По крайней мере я беру отставку. Я подал прошение в половине августа (помнится так). И разумеется по тем же самым причинам, по которым подаю в отставку, не могу опять поступить на службу. То есть нужно сначала заплатить долги. Так или этак, а заплатить их нужно.
Вы восстаете против эгоизма моего и лучше соглашаетесь принять неосновательность молодости.
Но все это не ваше дело. И мне странно кажется, что вы на себя берете такой труд, об котором никто не просил вас и не давал вам права.
Будьте уверены, что я чту память моих родителей не хуже, чем вы ваших. Позвольте вам напомнить, что эта материя так тонка, что я бы совсем не желал, чтобы ею занимались вы. Притом же, разоряя родительских мужиков, не значит поминать их. Да, и наконец все остается в семействе.
Вы говорите, что на многие письма мои вы молчали, относя их к неосновательности и юношеской фантазии. Во-первых, вы этого не могли делать; я полагаю, вам известно почему; кодекс учтивости должен быть раскрыт для всякого. Если же вы считаете пошлым и низким трактовать со мною о чем бы то ни было, разумеется, уж в тех мыслях, что он-де мальчишка и недавно надел эполеты, то все-таки вам не следовало бы так наивно выразить свое превосходство заносчивыми унижениями меня, советами и наставлениями, которые приличны только отцу, и шекспировским мыльным пузырем. Странно: за что так больно досталось от вас Шекспиру. Бедный Шекспир!
Если вам будет угодно рассердиться за слова мои, то позвольте мне напомнить вам одну вашу фразу: «Превзойти размер возможности уплаты есть посягательство на чужую собственность». Так как вы сами весьма хорошо знаете, что всего-всего 1500 руб. долгу не есть весь размер моей уплаты, то каким образом вы написали это? Я вам не представляю никаких других причин, по которым вы не могли этого написать. Я вам даю только факт, сумму, число. Вам даже известна и история этих долгов; не я их делал, и я не виноват, что в Петербурге процветает более чем где-нибудь коммерция, покровительствуемая Бентамом. Во всяком случае эту наивность (из уважения к вашим летам я не могу принять это за нарочную грубость и желание уколоть), так эту-то наивность я должен отнести, да и непременно отнесу, к одной категории с шекспировскими мыльными пузырями.
Если вы и за это рассердитесь, то вспомните, пожалуйста, ваше письмо к его прев. Ив. Гр. Кривопишину. Помилуйте, Петр Андреевич, неужели вы могли это сделать? Я, видите ли, не принимаю, потому что не хочу принимать этого в том смысле: — что вы пишете обо мне письмо, не спросясь меня, с целью повредить моим намерениям и остановить мою шекспировскую фантазию.

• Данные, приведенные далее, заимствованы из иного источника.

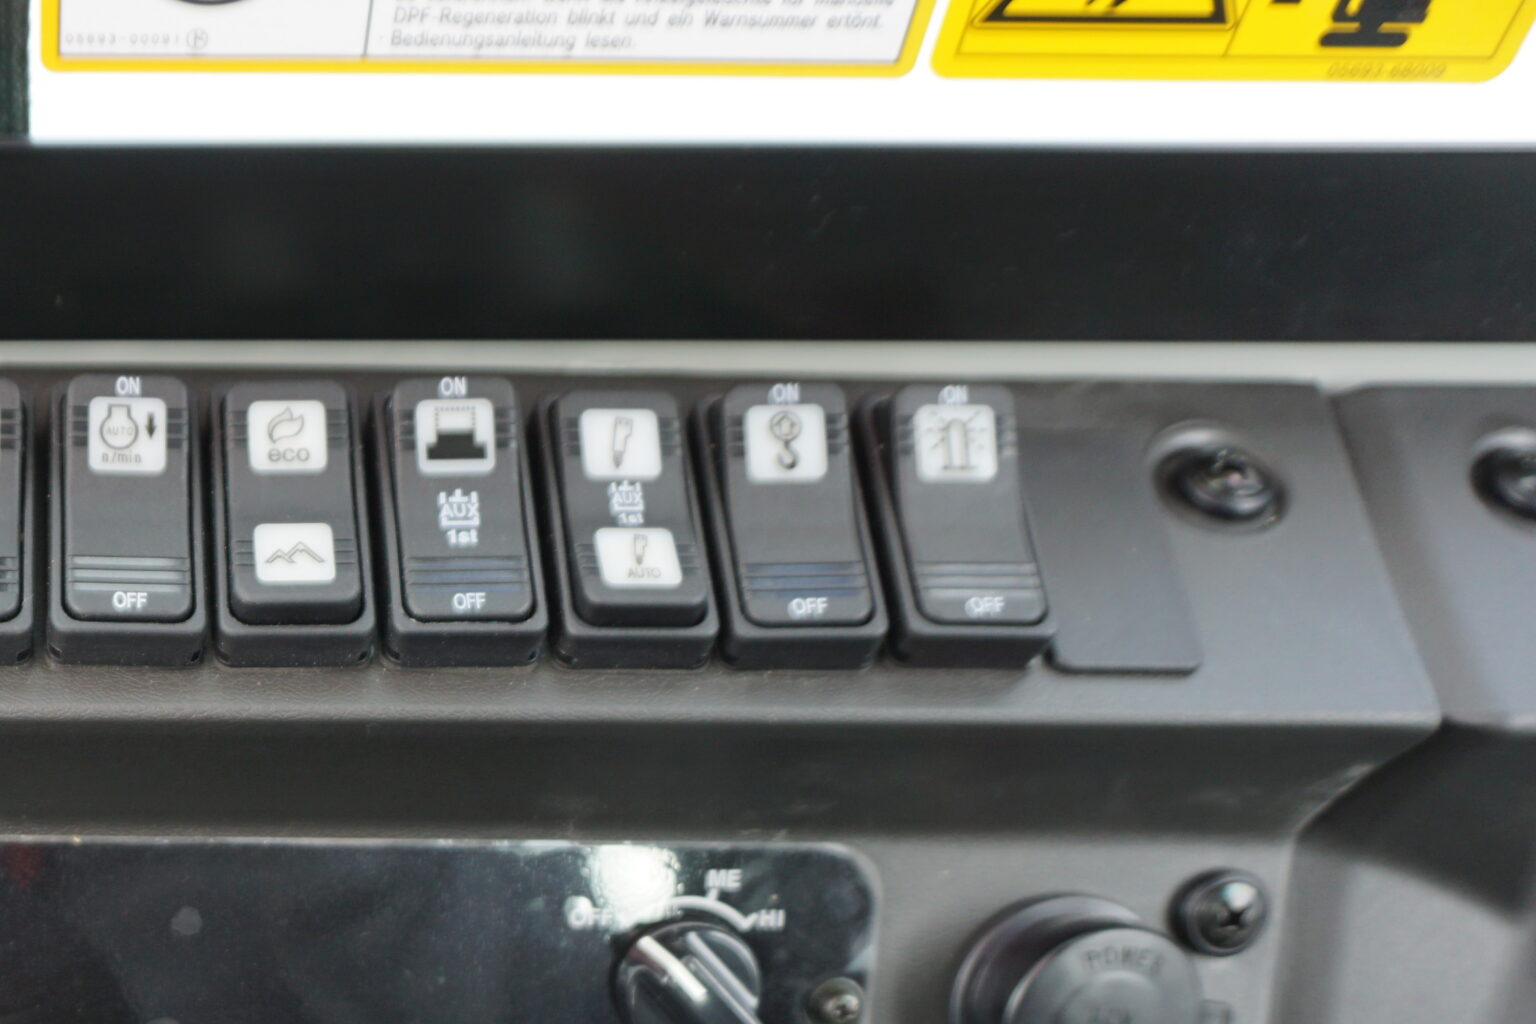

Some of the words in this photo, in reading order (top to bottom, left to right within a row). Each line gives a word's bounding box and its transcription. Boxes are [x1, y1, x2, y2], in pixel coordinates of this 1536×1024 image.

Но послушайте, кто же может остановить законную волю человека, имеющего те же самые права, как и вы… Ну, да что тут! чтоб не быть Иваном Ивановичем Перерепенко, я готов и это принять за наивность, по вышеозначенной причине.

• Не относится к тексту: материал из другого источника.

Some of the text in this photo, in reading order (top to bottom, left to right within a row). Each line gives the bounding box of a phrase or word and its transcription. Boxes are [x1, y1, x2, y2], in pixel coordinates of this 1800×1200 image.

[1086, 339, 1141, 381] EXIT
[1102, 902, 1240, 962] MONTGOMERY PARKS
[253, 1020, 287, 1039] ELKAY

Четвертая страница вашего письма, кажется, избегнута общего тона письма вашего, за что вам душевно благодарен. Вы правы совершенно: реальное добро — вещь великая. Один умный человек, именно Гёте, давно сказал, что малое , сделанное хорошо, вполне означает ум человека и совершенно стоит великого. Я взял эту цитацию для того, чтобы вы видели, как я вас понял. Вы именно то же хотели сказать, задев меня сначала и весьма неловко крючком вашей насмешки. Изучать жизнь людей — моя первая и цель и забава, так что я теперь вполне уверился, например, в существовании Фамусова, Чичикова и Фальстафа.
Во всяком случае дело сделано, я подал в отставку, а у меня гроша нет для долгов и экипировки. Если вы не пришлете мне немедленно, то совершенно оправдаете прошлое письмо мое.